> PROBLEM REQUIREMENTS: Without the pictures, copy all the entries below exactly.

> DATA FOR THE TASK:
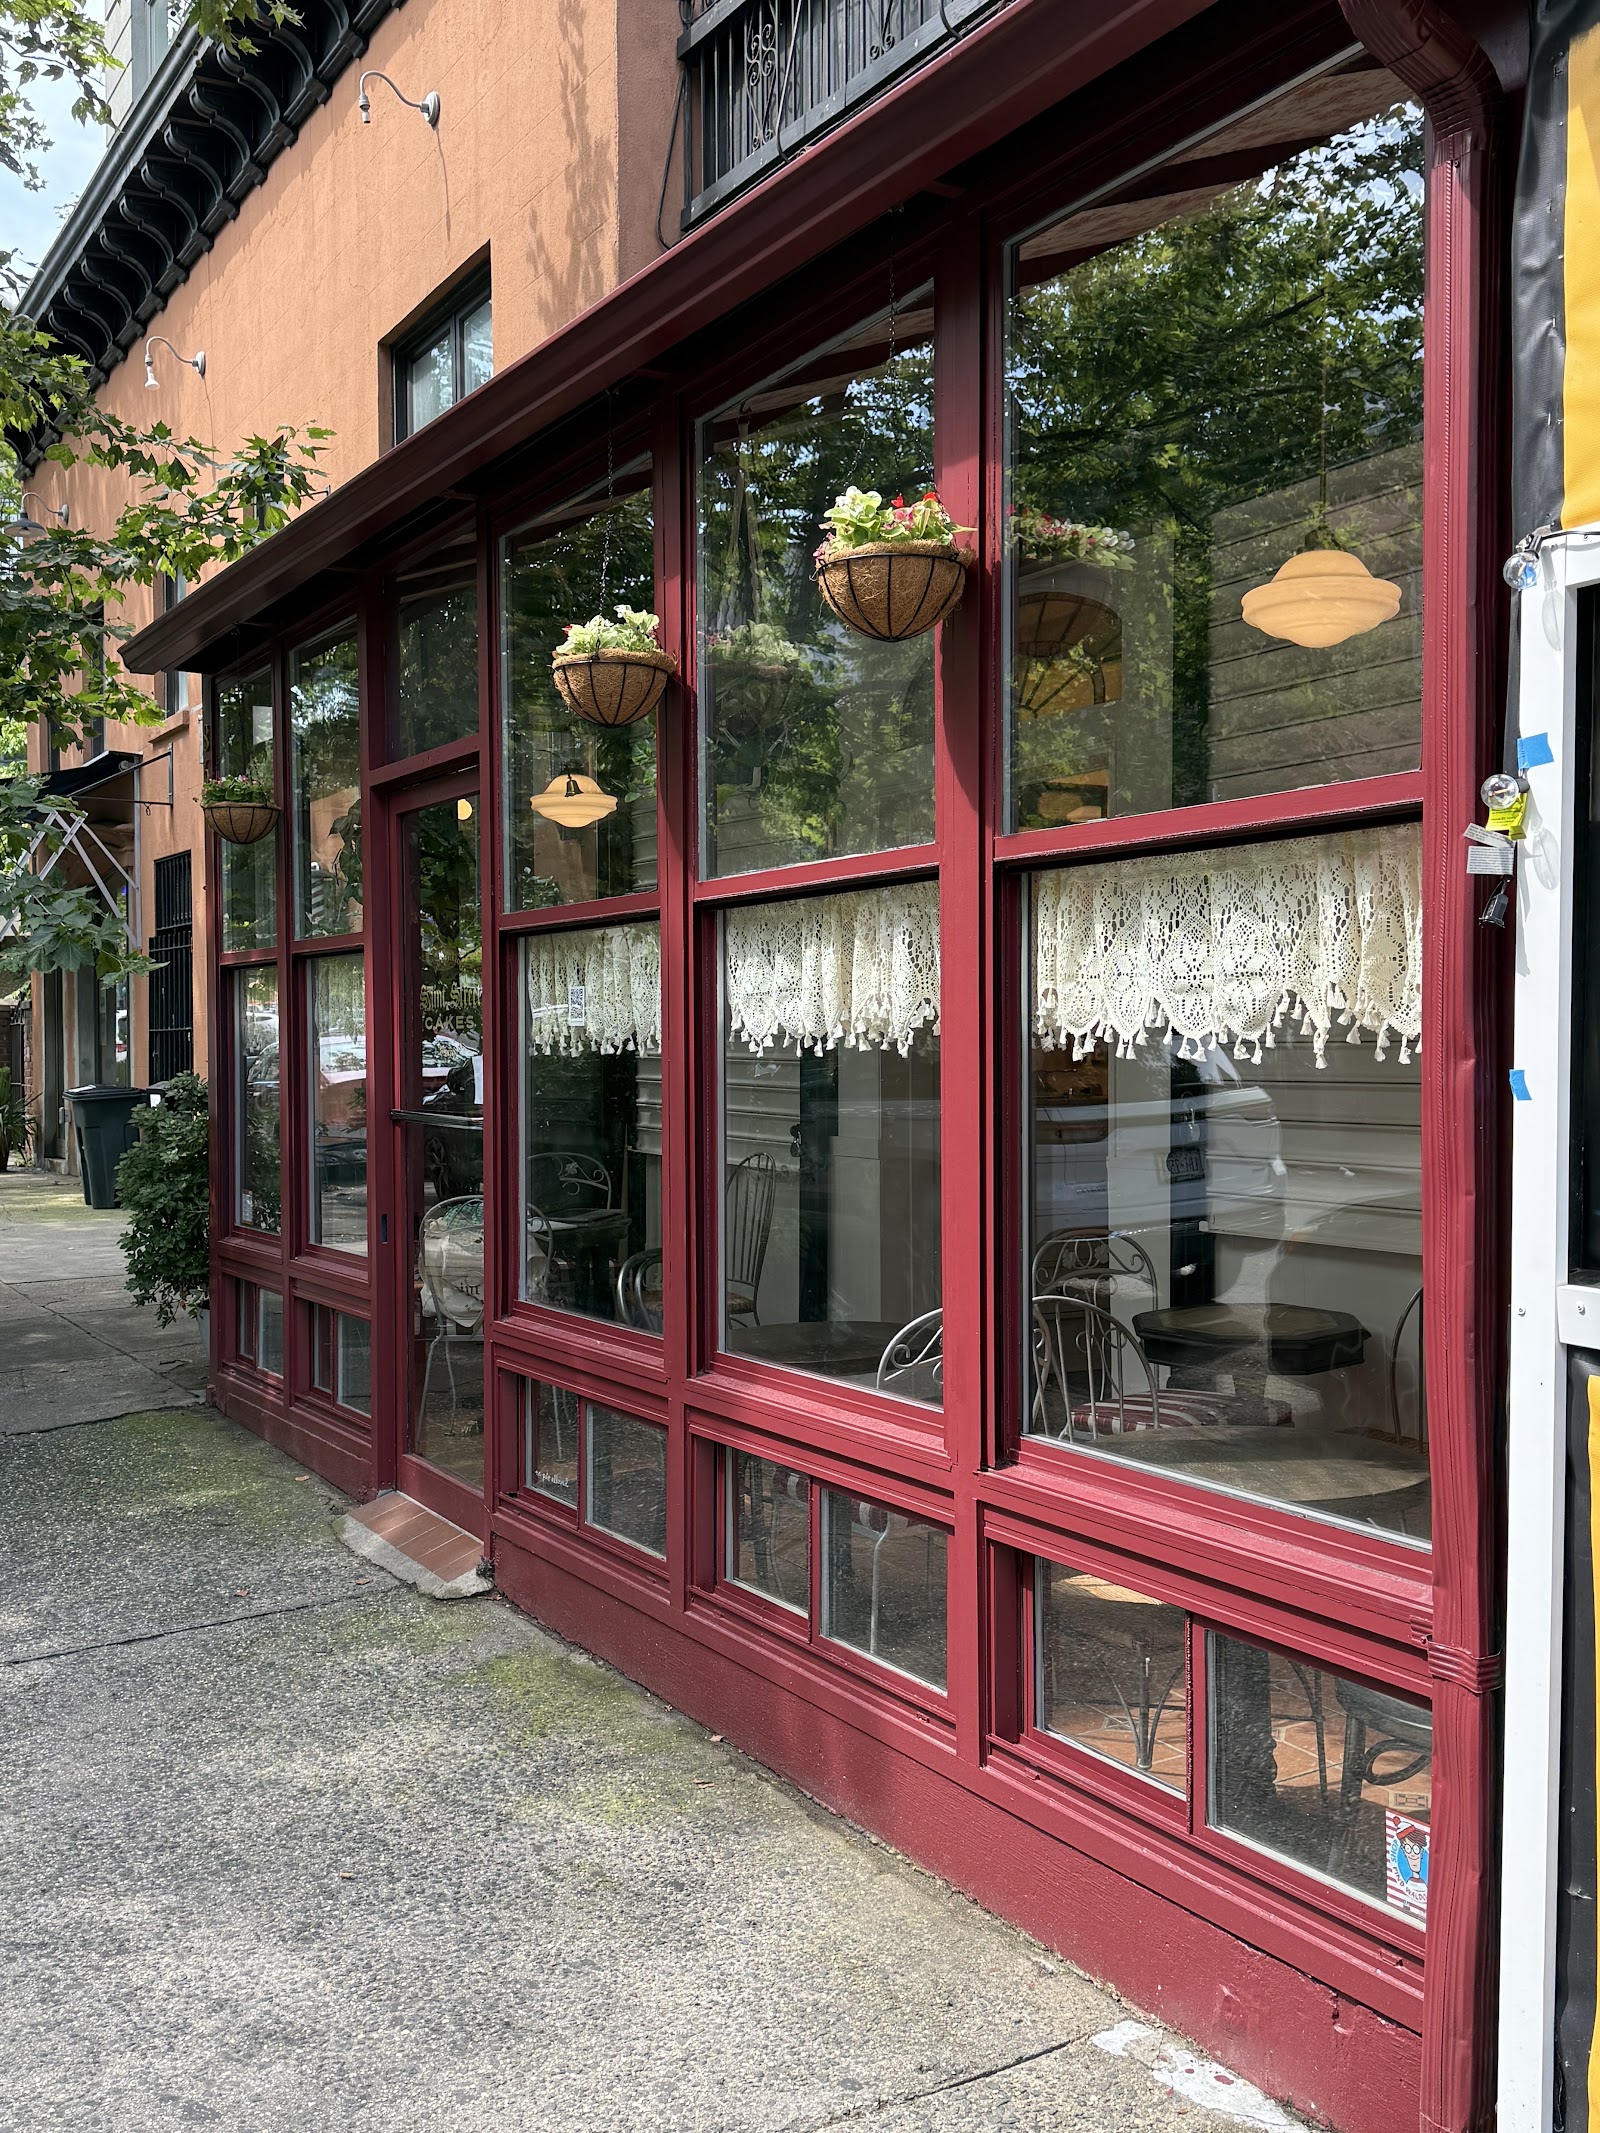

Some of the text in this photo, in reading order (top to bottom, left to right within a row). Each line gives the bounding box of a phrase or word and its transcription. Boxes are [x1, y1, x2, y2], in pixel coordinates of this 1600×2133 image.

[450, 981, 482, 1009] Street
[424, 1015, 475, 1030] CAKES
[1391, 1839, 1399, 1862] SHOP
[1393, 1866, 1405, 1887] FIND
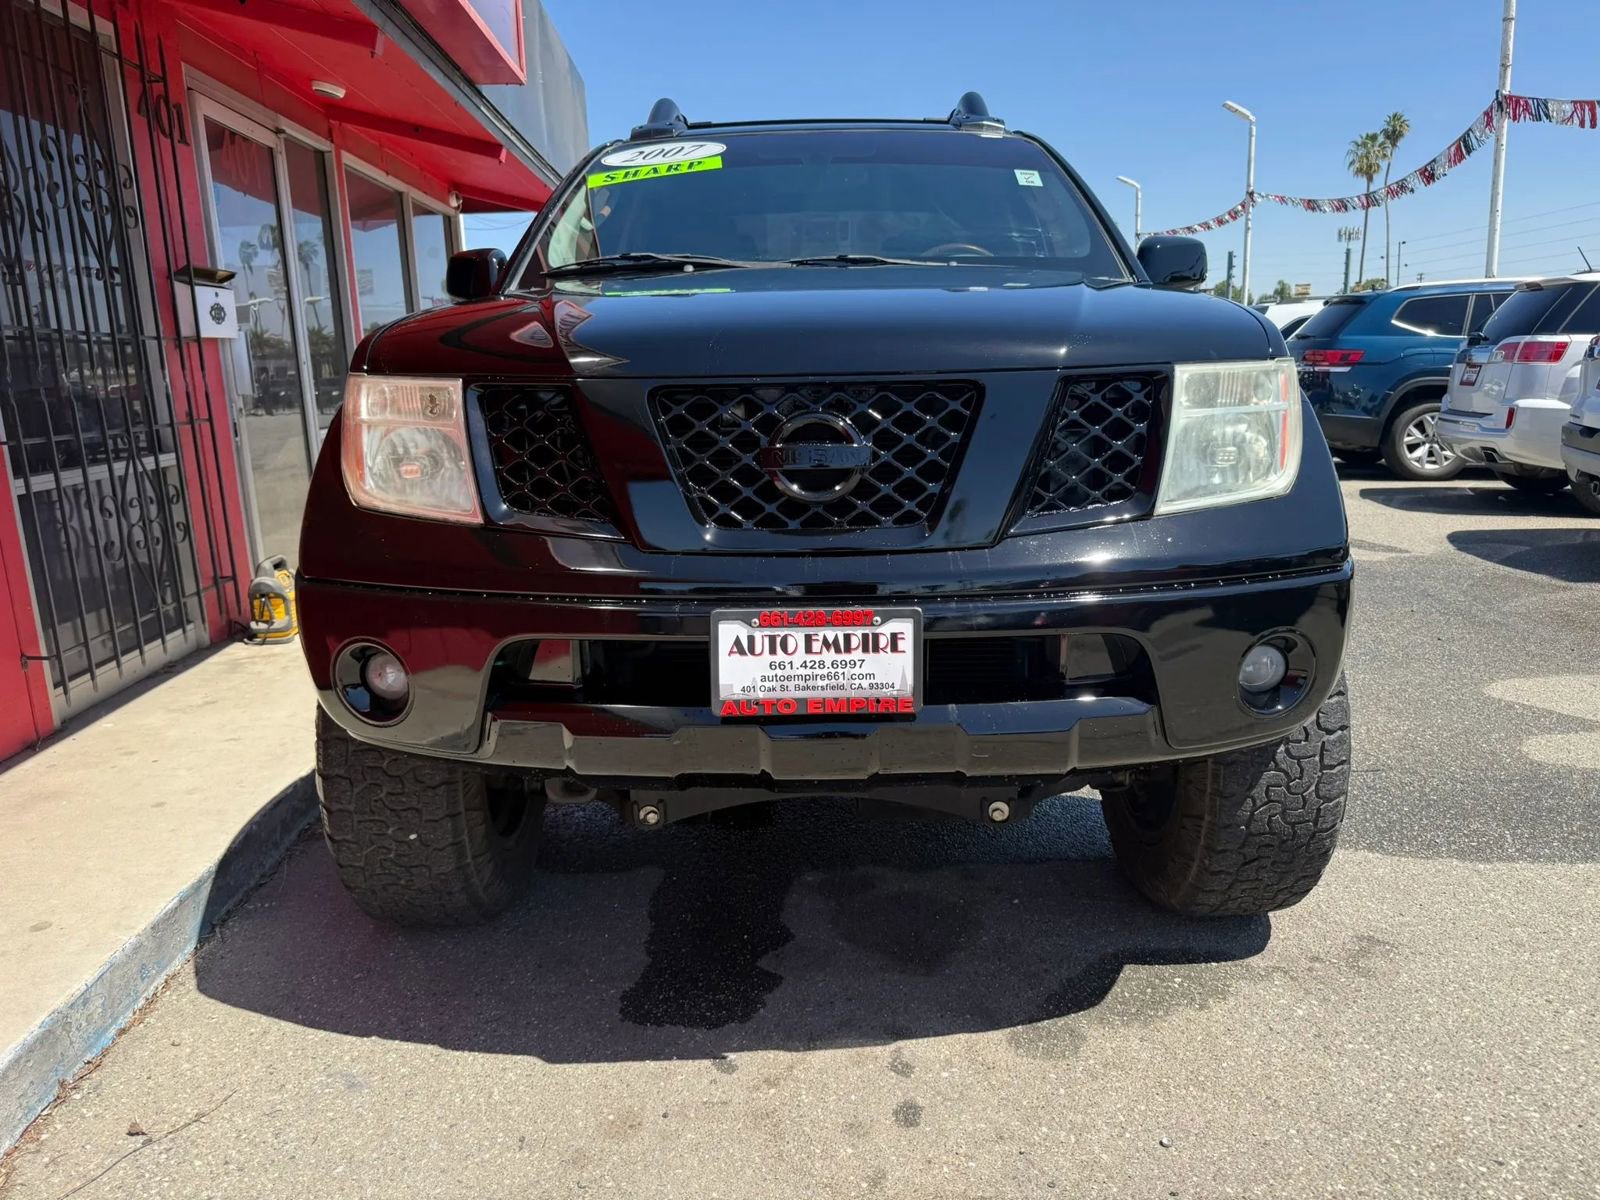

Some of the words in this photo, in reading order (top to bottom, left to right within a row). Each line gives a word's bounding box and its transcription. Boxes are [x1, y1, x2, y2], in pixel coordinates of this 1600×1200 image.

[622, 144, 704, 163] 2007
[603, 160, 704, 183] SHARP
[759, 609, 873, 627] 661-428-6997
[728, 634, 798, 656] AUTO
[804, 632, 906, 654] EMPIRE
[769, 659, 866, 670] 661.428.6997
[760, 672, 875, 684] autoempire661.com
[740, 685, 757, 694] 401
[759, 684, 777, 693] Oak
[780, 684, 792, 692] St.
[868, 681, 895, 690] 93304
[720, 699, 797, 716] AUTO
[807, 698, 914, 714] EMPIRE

> EXERCISE RESPONSE:
Some of the text in this photo, in reading order (top to bottom, left to right within a row). Each line gives the bounding box of a phrase or word and its transcription. Boxes are [x1, y1, x2, y2], in pixel coordinates of this 1600×2133 image.

[450, 981, 482, 1009] Street
[424, 1015, 475, 1030] CAKES
[1391, 1839, 1399, 1862] SHOP
[1393, 1866, 1405, 1887] FIND

Some of the words in this photo, in reading order (top to bottom, left to right within a row). Each line gives a word's bounding box and its transcription. Boxes are [x1, y1, x2, y2], in pixel coordinates of this 1600×1200 image.

[622, 144, 704, 163] 2007
[603, 160, 704, 183] SHARP
[759, 609, 873, 627] 661-428-6997
[728, 634, 798, 656] AUTO
[804, 632, 906, 654] EMPIRE
[769, 659, 866, 670] 661.428.6997
[760, 672, 875, 684] autoempire661.com
[740, 685, 757, 694] 401
[759, 684, 777, 693] Oak
[780, 684, 792, 692] St.
[868, 681, 895, 690] 93304
[720, 699, 797, 716] AUTO
[807, 698, 914, 714] EMPIRE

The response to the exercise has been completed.